One of my friends lost her sister when she was in her 30’s leaving a young daughter behind. I saw the devastation that happened after she died. It was heartbreaking. Her daughter now lives with my friend, her aunty, and is thriving. But she will miss her mum everyday and I can’t imagine how hard that is for a child. My friend does all she can to rise awareness and funding for charities like the Eve Appeal
Cervical screening tests can prevent 75% of cervical cancers saving on average 5000 women each year in the UK.
5 million women are invited for the testing each year and one of four of these women don’t get the test done. This figure rises to one in three in the age range of 25 to 29 years old.
There are a number of reasons women don’t attend, embarrassment is a huge reason.
Us women are born worriers so we tend to over think every situation and before you know it your cancelling your cervical screening test because your concerned the nurse will be horrified by the appearance of your lady parts, or that heaven forbid, she sees you without your underwear one, but if we stop and think for a second, I’m guessing none of us have anything she hasn’t seen before!
I’m the biggest prude when it comes to this sort of thing but when I developed bad hips and sacroiliac joint problems it was the actual position you have to be in for the test that become my biggest concern. It just isn’t something I can do without being in a lot of pain and sometimes it’s just not possible at all. Until then I never considered how disabled women get these sorts of tests.

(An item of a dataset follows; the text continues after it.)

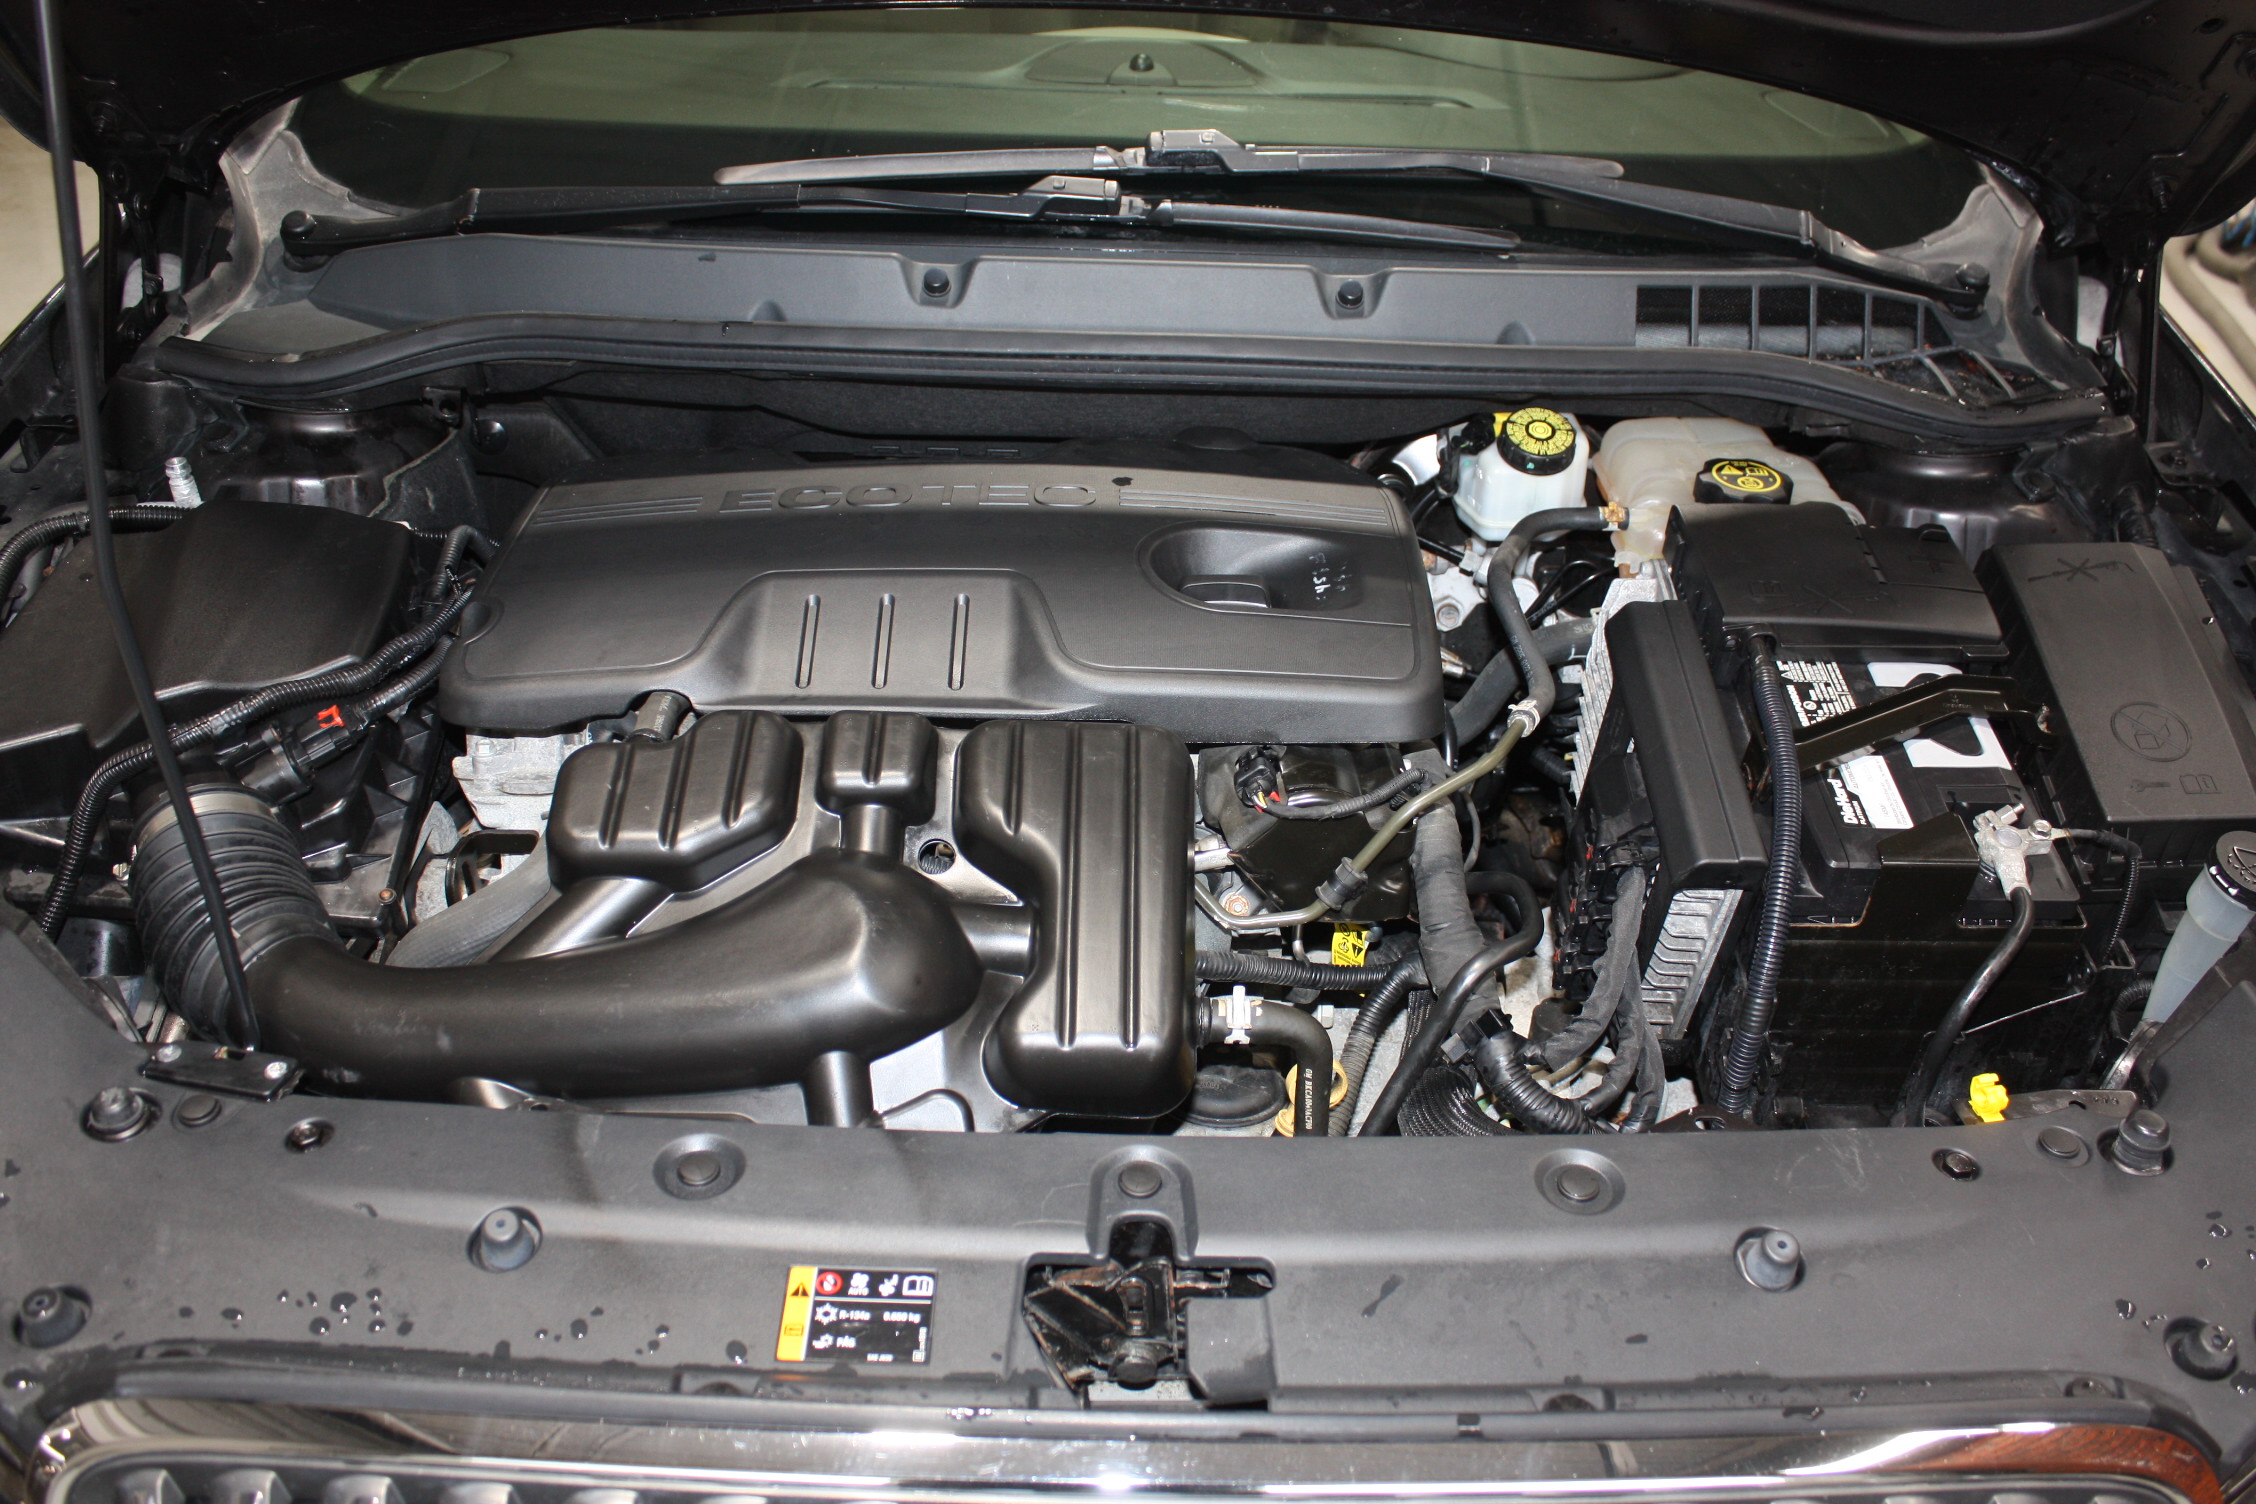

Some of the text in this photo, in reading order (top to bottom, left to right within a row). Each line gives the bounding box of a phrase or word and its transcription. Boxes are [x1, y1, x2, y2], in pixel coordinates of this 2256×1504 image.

[720, 484, 1096, 513] ECOTEC
[1827, 779, 1858, 824] DieHard
[1852, 801, 1867, 825] PLATINUM
[848, 1287, 869, 1296] AUTO

So I cancelled my appointment. Pushed it to the back of my mind and put the reminder letters in the bin, out of sight out of mind. Until I saw the nurse for something else and she spotted the notes on the system about my test being overdue, busted, caught red-handed it was hard to make excuses to her face to face.
So I told her the truth, there wasn’t really much point trying to fib my way out of it. I told her about my hip problems and my fears.

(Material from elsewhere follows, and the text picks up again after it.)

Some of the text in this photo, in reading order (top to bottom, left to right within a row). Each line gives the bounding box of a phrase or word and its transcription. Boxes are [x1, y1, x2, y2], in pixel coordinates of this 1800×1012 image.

Before I knew it she’d got out of her seat and was demonstrating alternative ways she could do the test without it hurting my hips so much. She told me she’d book me a double appointment so I wasn’t pressured and feeling rushed. I was still a bit concerned until she came out with something I will never forget, she said ‘If all else fails I shall get John (one of the GP’s) to help me, he never fails to get it in!’ We looked at each other and burst out laughing, she apologised but it really broke the ice so to speak and a few days later I had my cervical screening test with ease and very little discomfort.
There is currently a campaign to raise awareness called #SmearForSmear which involves smearing lipstick across your face and putting it photo on social media with a message to get the message out there that’s cervical screening test can save your life. Here’s a few celebs photos and mine too!
If there are any circumstances or reasons you are concerned about getting the screening test then my advice to you is make an appointment to meet your nurse in advance to talk through your worries.
Ask to have a double appointment to reduce any rushing you may feel.
Lastly I’d urge you to always book your screening test when that reminder comes through your door because you never know when your life will depend on it.